This is a short post, just figured I’d throw this out there and save people some time in case they’re stuck.
DRS main objective is to allocate the resources that the virtual machines request. There’s a common misconception where users believe that DRS is responsible for distributing virtual machines evenly across all hosts in the cluster, this is not the case. For example, I’ve seen many environments where one or two hosts in a cluster have way more virtual machines then other hosts. This is because the dynamic entitlement (the resources the virtual machine request) are met so there’s no need to vMotion the virtual machine to another host.

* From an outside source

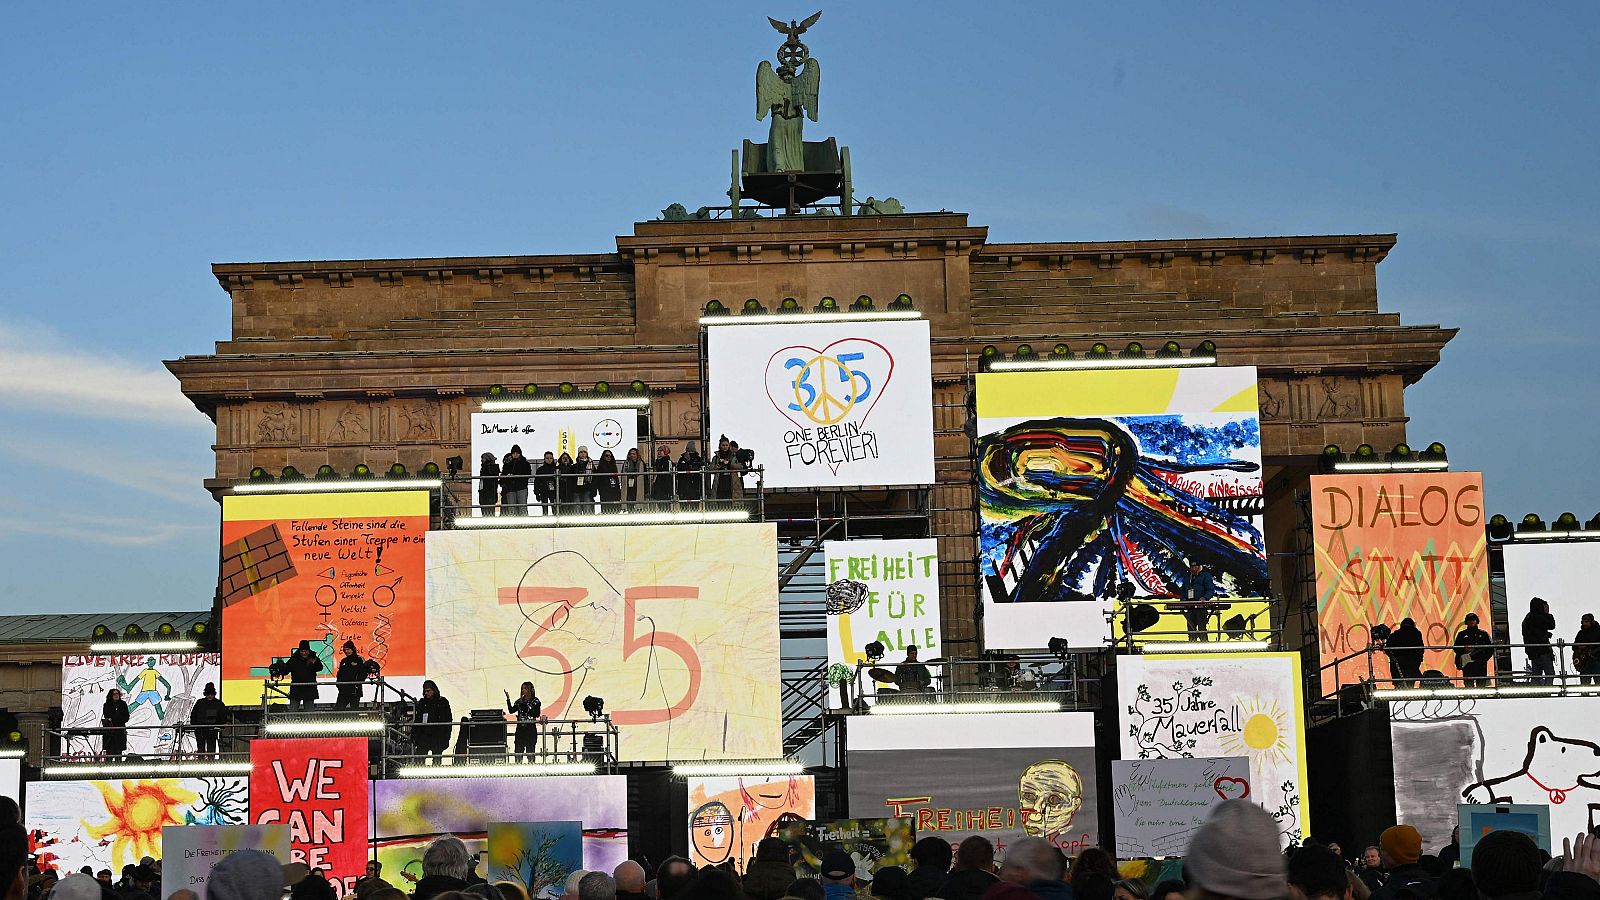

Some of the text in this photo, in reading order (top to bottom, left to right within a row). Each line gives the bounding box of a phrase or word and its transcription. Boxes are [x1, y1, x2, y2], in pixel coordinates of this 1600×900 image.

Sometimes we only want certain virtual machines to be tied to certain hosts and to do so, we use DRS affinity rules.
Today I had an issue with one of my ESXi 5 hosts and in order to avoid interruption of some critical virtual machines like Exchange, BES, DC’s, etc I decided to the host into maintenance mode and let DRS handle the virtual machine moves and after begin troubleshooting the host.
Every virtual machine moved over except for 2 SQL VM’s. Upon some investigation I noticed the following under faults in the DRS tab. To someone who is not new to this will know right away what the problem is. But basically what happened, was that these VM’s were tied to the host through DRS rules and thus could not be moved.
To temporarily fix the issue, we just need to disable the DRS rule or rules to allow the virtual machines to be moved over to the other hosts. Once the ESXi host is fixed and out of maintenance mode, we can re-enable the rule and let DRS handle the rest.